Biden Meets Japan’s Prime Minister
President Biden is hosting the Japanese prime minister at the White House.
President Biden welcomed Prime Minister Yoshihide Suga of Japan to the White House on Friday, using the first visit by a foreign leader during his presidency to underscore the importance of America’s allies as the United States confronts an increasingly aggressive China.
Mr. Suga is meeting with Mr. Biden and top aides, and the two leaders will hold a joint news conference later in the afternoon.
“Thank you for accepting me as the first foreign leader under your presidency,” Mr. Suga said, according to a pool report.

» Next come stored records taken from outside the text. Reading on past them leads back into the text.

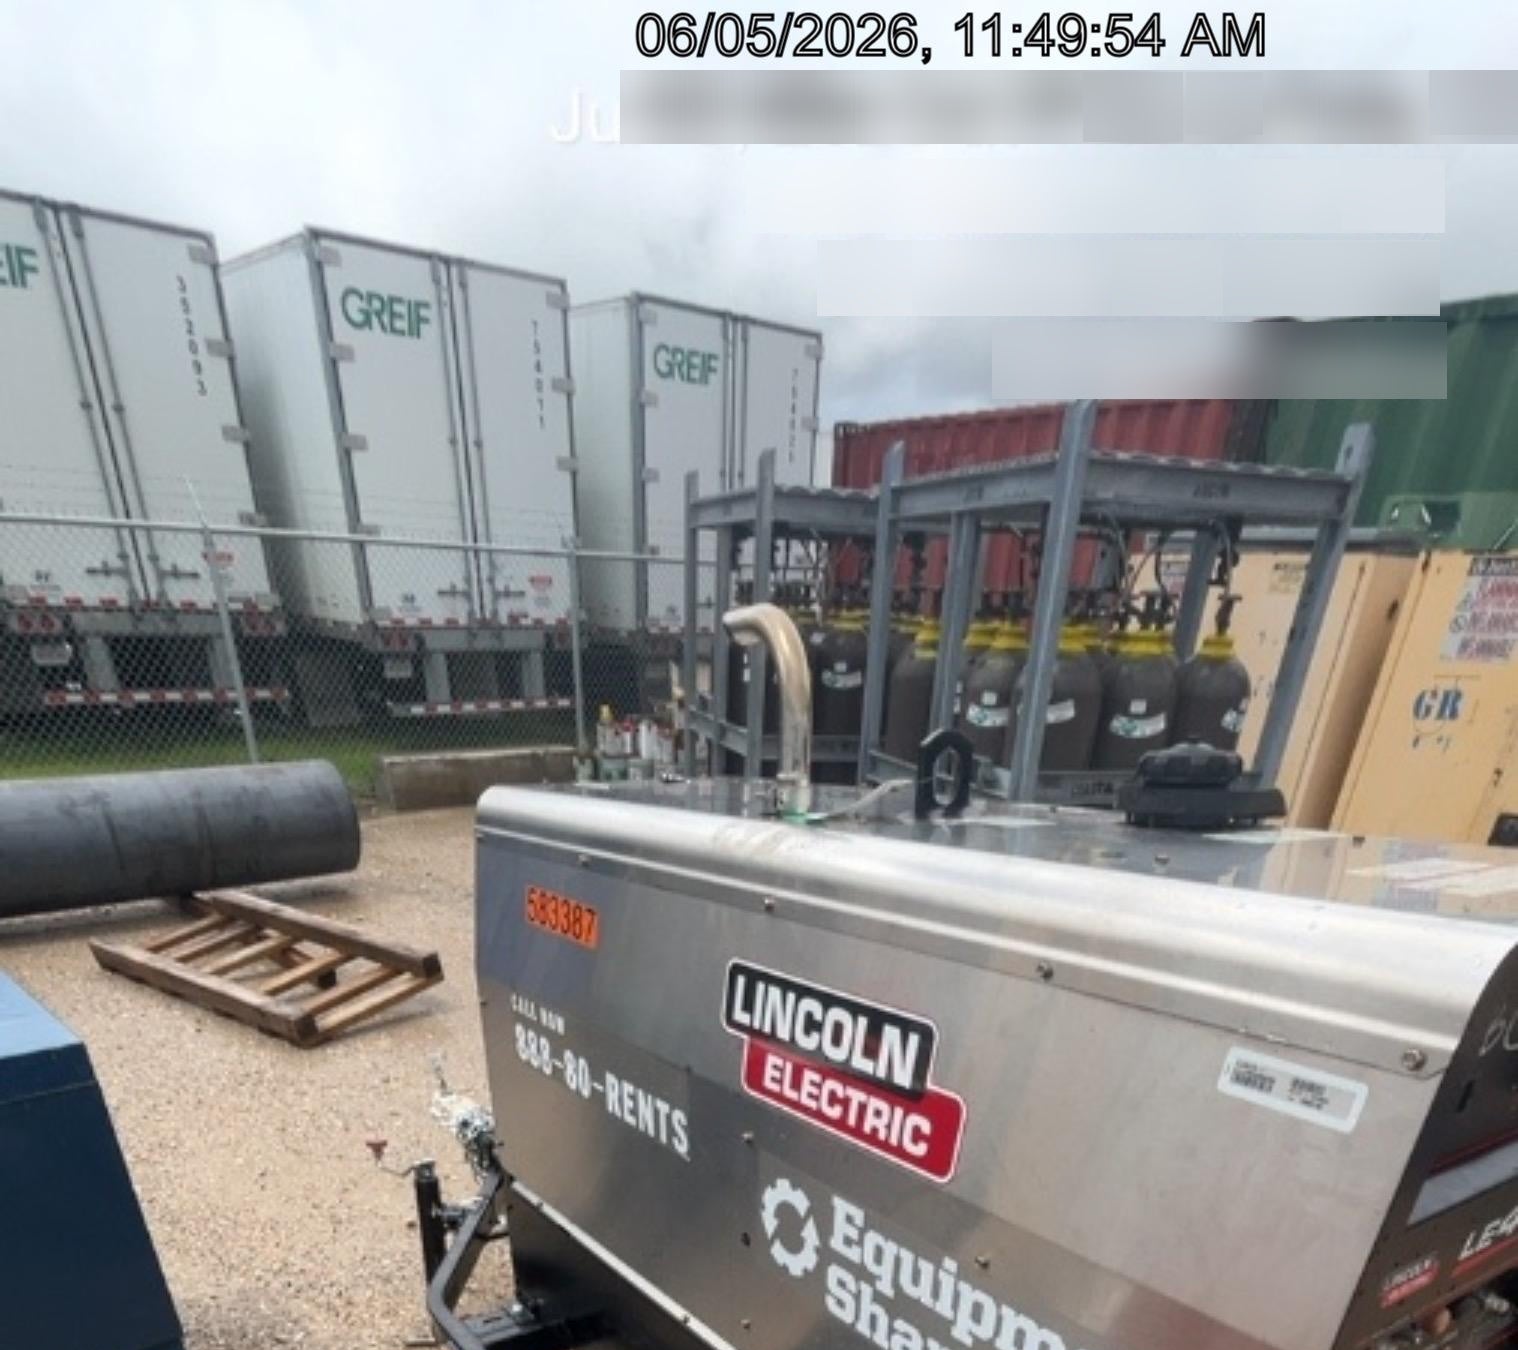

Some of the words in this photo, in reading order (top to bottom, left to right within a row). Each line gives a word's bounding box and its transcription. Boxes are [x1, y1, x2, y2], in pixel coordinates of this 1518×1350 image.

[340, 287, 432, 340] GREIF
[652, 343, 719, 386] GREIF
[527, 887, 597, 943] 583387
[510, 992, 537, 1021] CALL
[540, 1007, 565, 1036] NOW
[731, 975, 921, 1091] LINCOLN
[515, 1022, 689, 1156] 888-80-RENTS
[762, 1055, 931, 1156] ELECTRIC
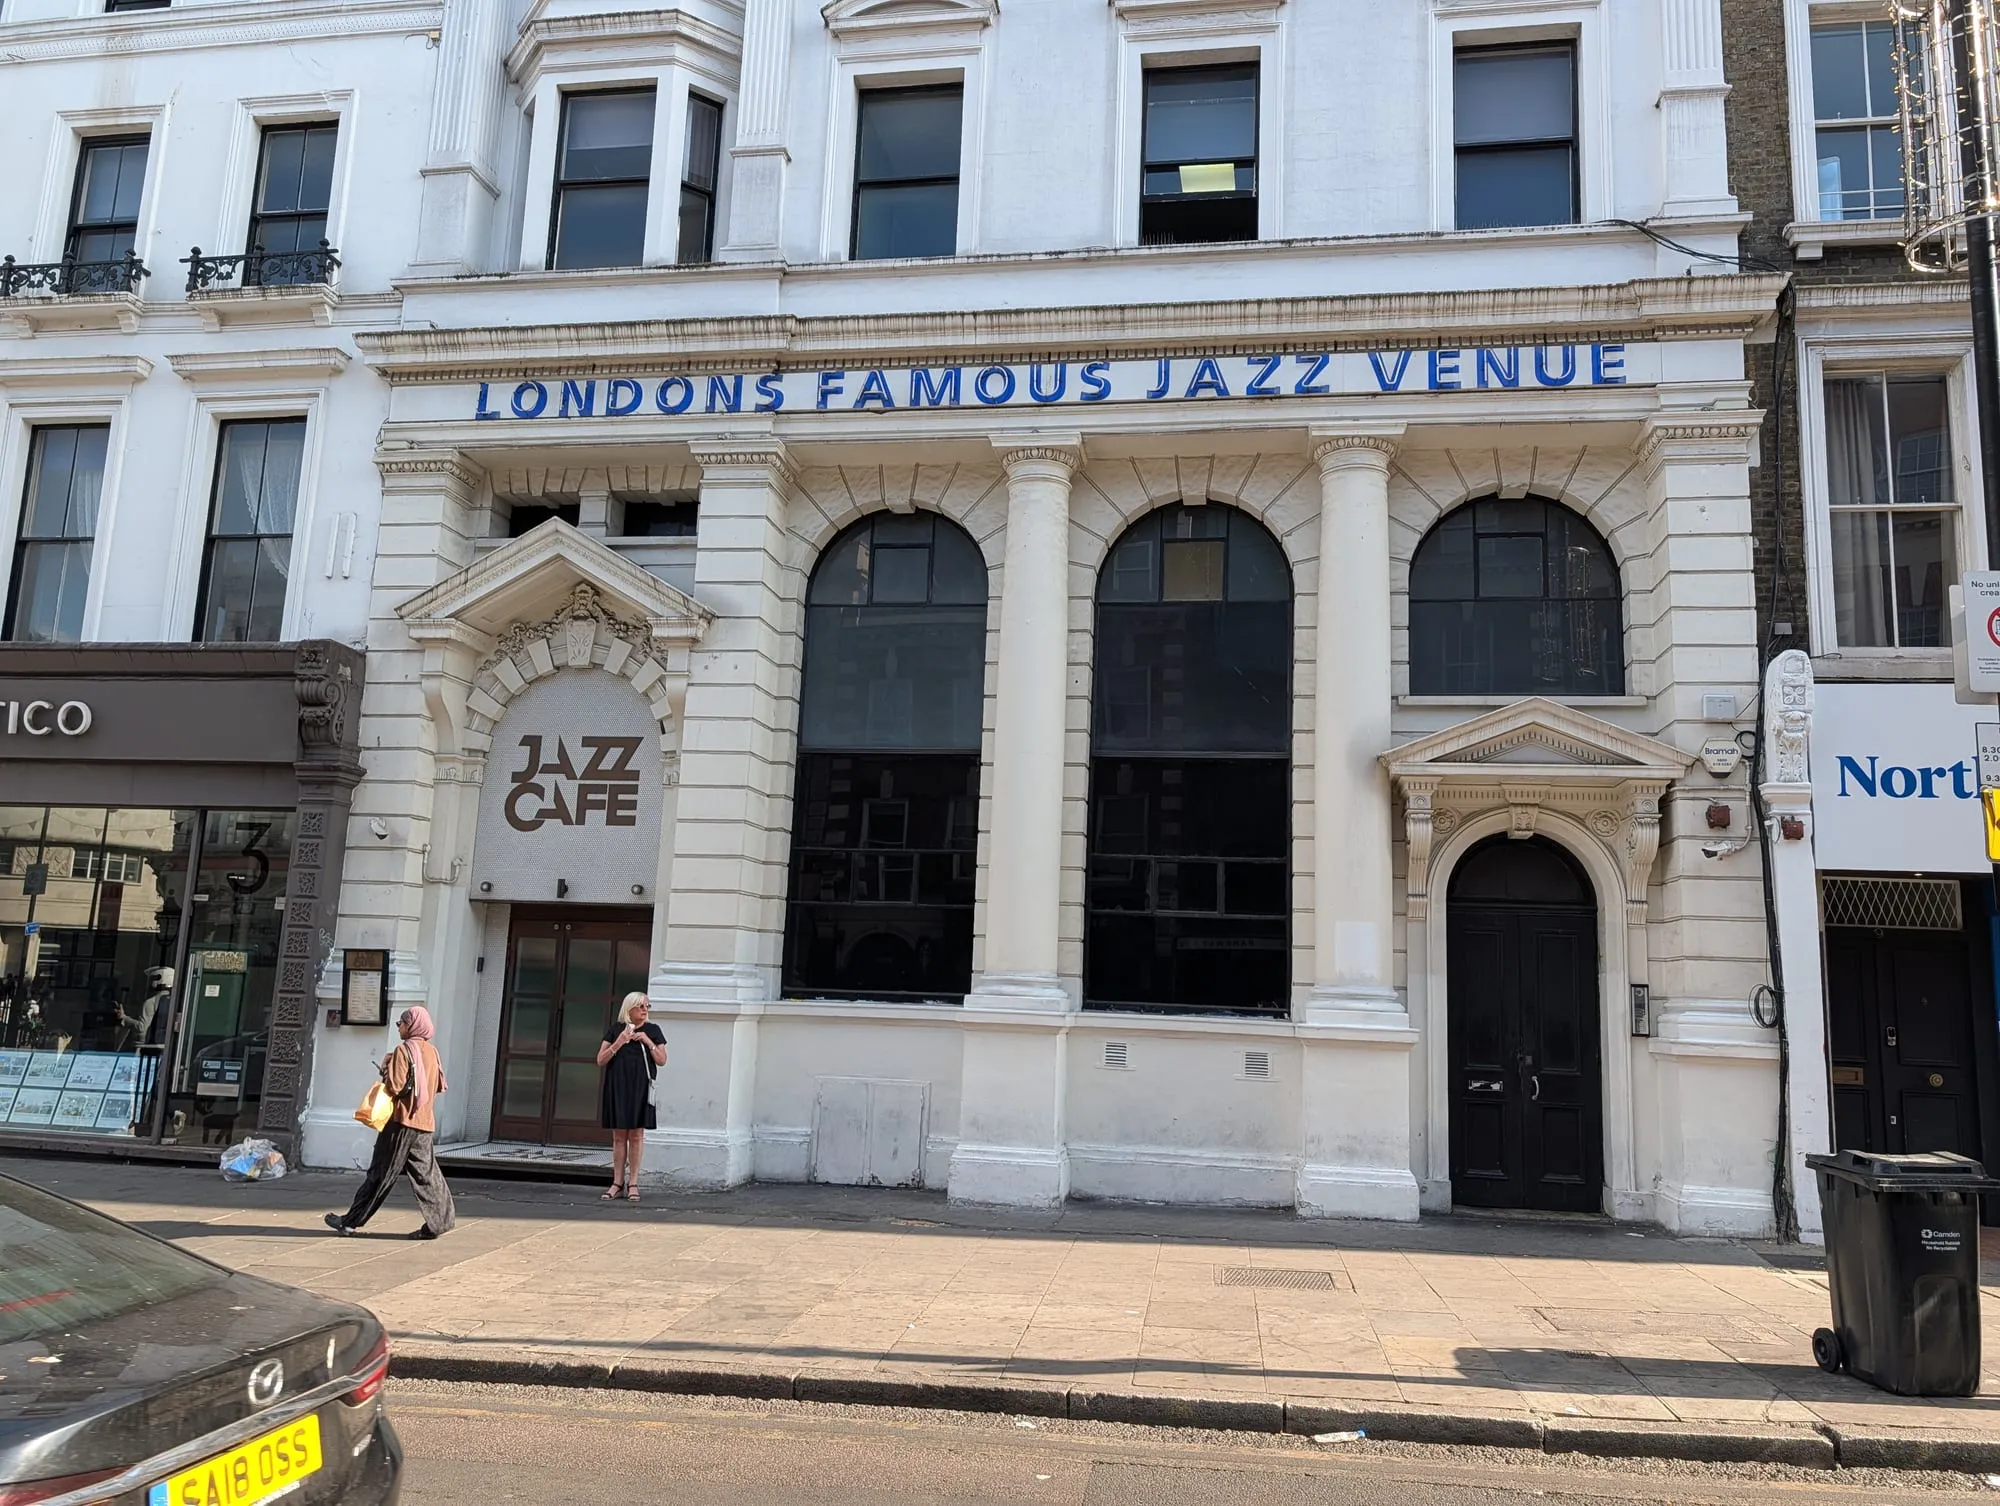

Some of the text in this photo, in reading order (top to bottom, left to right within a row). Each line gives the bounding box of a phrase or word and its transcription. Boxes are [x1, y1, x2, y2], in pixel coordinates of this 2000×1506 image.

[475, 343, 1627, 420] LONDONS FAMOUS JAZZ VENUE
[1971, 580, 1984, 588] No
[511, 735, 644, 783] JAZZ
[1705, 747, 1739, 755] Bramah
[504, 779, 639, 832] CAFE
[227, 822, 272, 894] 3
[259, 1428, 307, 1486] OSS

“Freedom, democracy, human rights and the rule of law are the universal values that link our alliance that is prevalent in the Indo-Pacific, and this is the very foundation of prosperity and stability of the region and the globe,” he added.
Mr. Suga also met with Vice President Kamala Harris.
For the president, the meeting with the Japanese prime minister is an opportunity to press his counterpart for support in the effort to contain China’s ambitions, both economically and militarily. Mr. Biden has made it clear that he views Chinese influence around the globe as one of the key challenges of his time in office.
“Our approach to China and our shared coordination and cooperation on that front will be part of the discussion,” Jen Psaki, the White House press secretary, told reporters on Thursday. “These relationships have a range of areas of cooperation. It’s an opportunity to discuss those issues in person, and I would anticipate that China will be a part of the discussions.”
For Mr. Suga — who was a senior aide to Prime Minister Shinzo Abe for nearly a decade before assuming the top job last year after Mr. Abe resigned — being the first foreign leader to visit with Mr. Biden is a sought-after honor. He was eager to discuss issues such as trade, the supply chain for technologies like semiconductors and the nuclear threat from North Korea.
Climate change was also expected to be high on the agenda. Next week, Mr. Biden is hosting a virtual summit meeting of 40 world leaders aimed at bolstering global ambition to reduce planet-warming pollution. The Biden administration has also been pressing the Japanese government to stand with the United States in announcing new greenhouse gas emissions pledges.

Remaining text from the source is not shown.